Conversely, people with more experience at investing “might have a higher risk tolerance because you have a higher level of assets,” she says. 

High Risk Investments 

When considering whether a particular investment might be risky, Jones says she considers the client as well as the stock itself.

Jones says she would not patently warn clients away from MemeStocks, Bitcoin, options, mini-bonds or complex investments. 

“Those types of alternative investments require a certain client,” Jones says. “For more experienced investors with more liquid assets, if you want to use that as an alternative to your overall position, that’s something we can look at exploring.”

With Bitcoin, “I’m not advising a client to dump their retirement into that,” she says. “We don’t have enough history on Bitcoin. It’s been extreme ups and extreme downs.”

When it comes to options, “I would not necessarily say they are high-risk,” Jones says. “They should not be used for everyday clients. I am typically only using them for very experienced clients.”

MemeStocks, which are shares of companies actively being traded, “are hot topics because they are in the news for something,” Jones says.  “The risk in that is to be careful following trends. Make sure it matches your goals. Sometimes these companies might not even last.”

Financial Freedom

The road to financial independence “looks different for every individual,” says Jones. “I don’t believe in a one-size-fits-all. There may be things that make my road different than yours.”

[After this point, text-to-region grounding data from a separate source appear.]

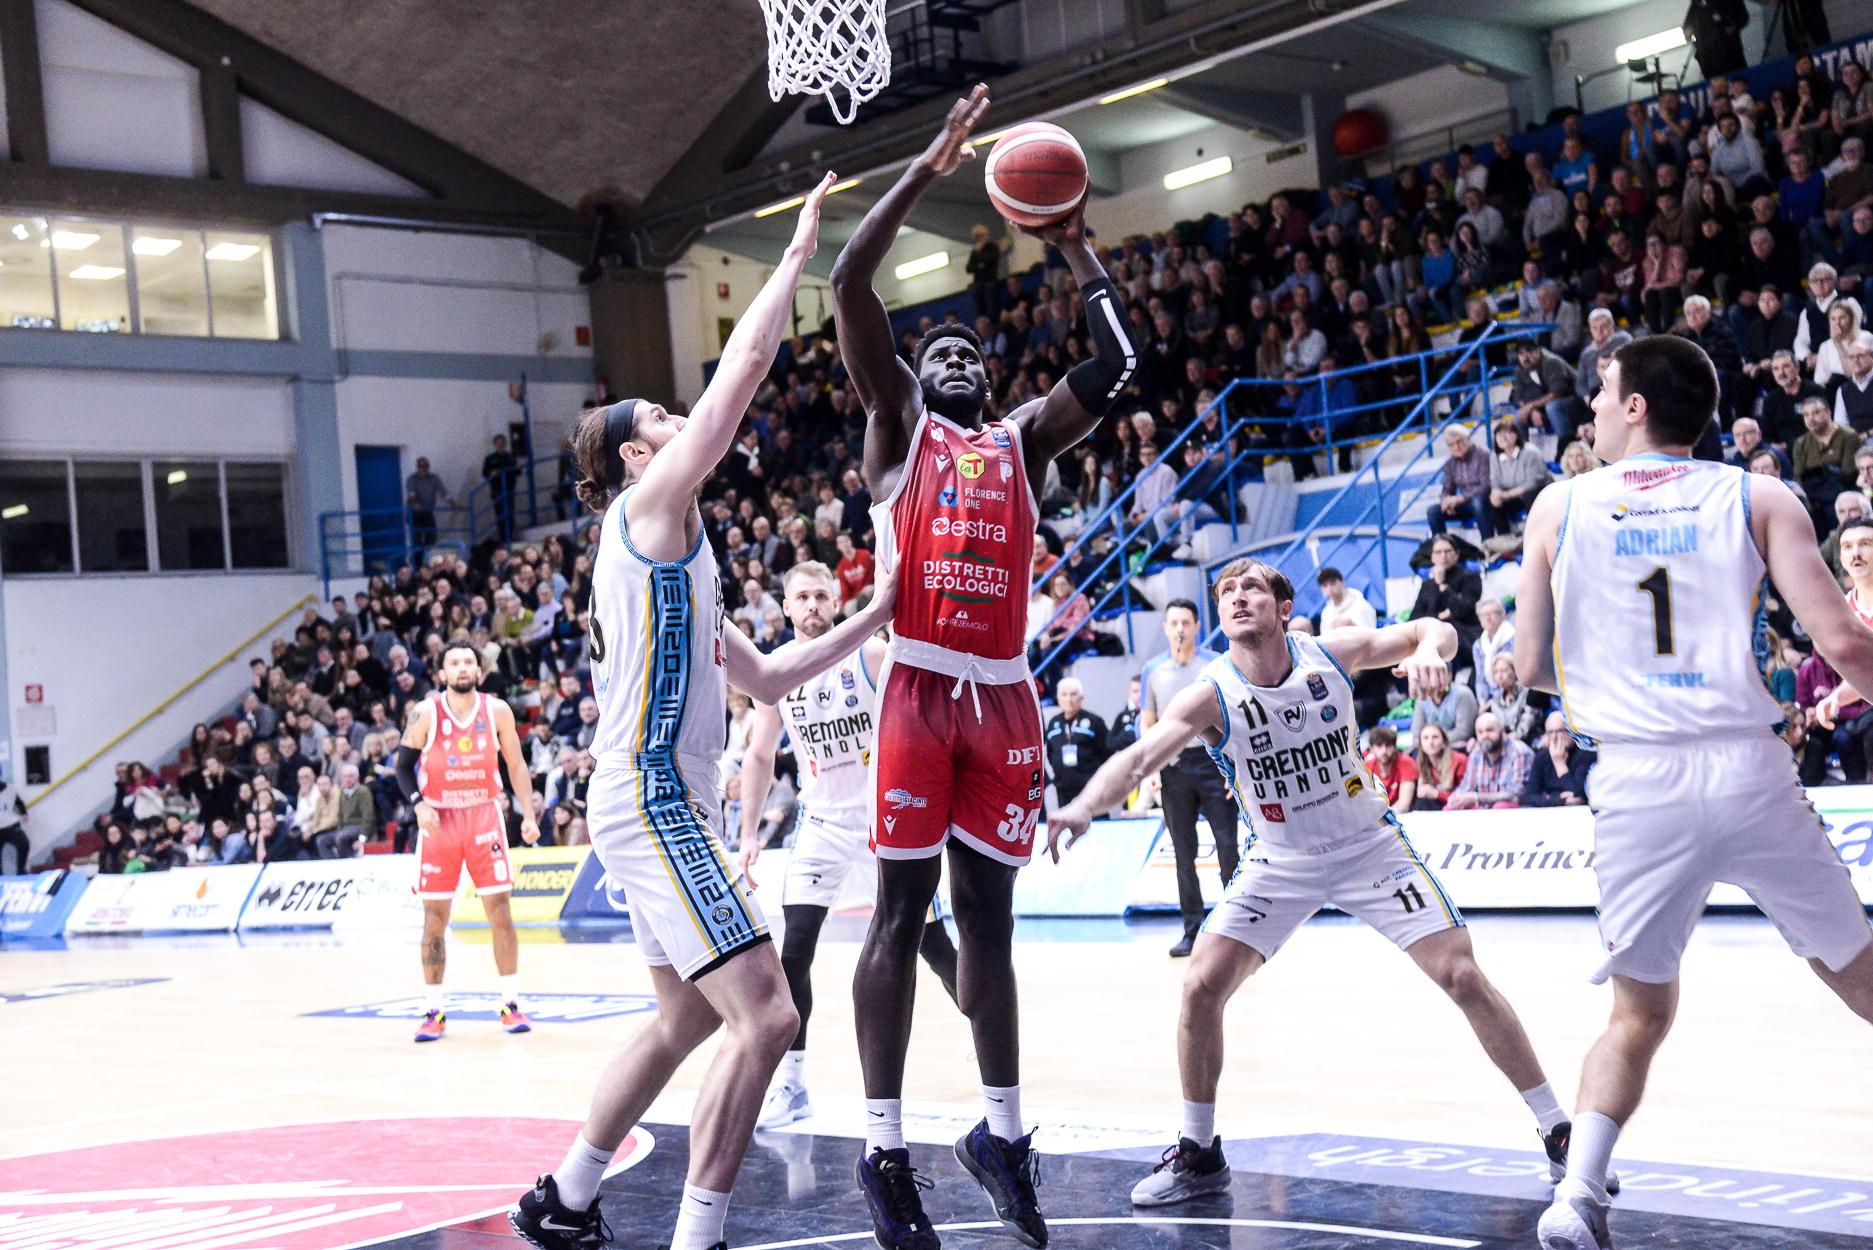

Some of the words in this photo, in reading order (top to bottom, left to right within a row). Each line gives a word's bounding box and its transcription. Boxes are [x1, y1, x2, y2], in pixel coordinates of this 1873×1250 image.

[964, 487, 1006, 501] FLORENCE
[964, 500, 981, 509] ONE
[951, 518, 1007, 543] estra
[1615, 525, 1698, 556] ADRIAN
[923, 560, 1009, 581] DISTRETTI
[924, 575, 1007, 598] ECOLOGICI
[1636, 565, 1676, 657] 1
[797, 712, 873, 744] REMONA
[1238, 696, 1270, 730] 11
[997, 803, 1041, 845] 34
[1392, 881, 1427, 913] 11

Lankard says that one of the best things to do to get started toward greater financial wellness is to create a plan.

“Your financial plan is a blueprint for managing your money, constructed on several key financial pillars: spending, saving for the future, managing debt, protecting what you already have and estate planning,” she says. “Understanding where you stand on each of these in the context of your long-term goals can help you remain flexible and change course should your priorities change or if life just gets in the way.”

Financial independence, Jones says, “means you are self-reliant. You have built a position for yourself where you are not dependent on the mortgage company. You have a steady stream of income, and are on your own without having to depend on government assistance, a loan company [or] a credit card, and you are not using other people’s money.”

Credit Card Debt

Having credit card debt, “isn’t necessarily horrible,” says Jones. In certain situations, in fact, it might be a better option than tapping investment accounts. 

During the early years of the COVID-19 pandemic, for example, “there were a lot of people without jobs for a long time,” Jones says.  “I have clients whose jobs were put on hold. Unless they started depleting retirement accounts, they turned to credit cards.”

Once you have recovered from a financial crisis, impulse spending, medical emergency or whatever else landed you in credit card debt and are ready to wipe out the balance, it’s a good idea to call the credit card companies and ask about payment options, Jones says.

“You can also explore balance transfer options, which offer zero-percent interest for 12 or 18 months with a one-time transfer fee,” Jones says. “That fee will be much less than the interest you are going to pay.”

To free up money to make bigger payments, “start from the basics, look at where your money is going,” Jones says. “Look for the dollars and cents that are going places that can be put on hold. Starting is as easy as being disciplined enough to re-budget.”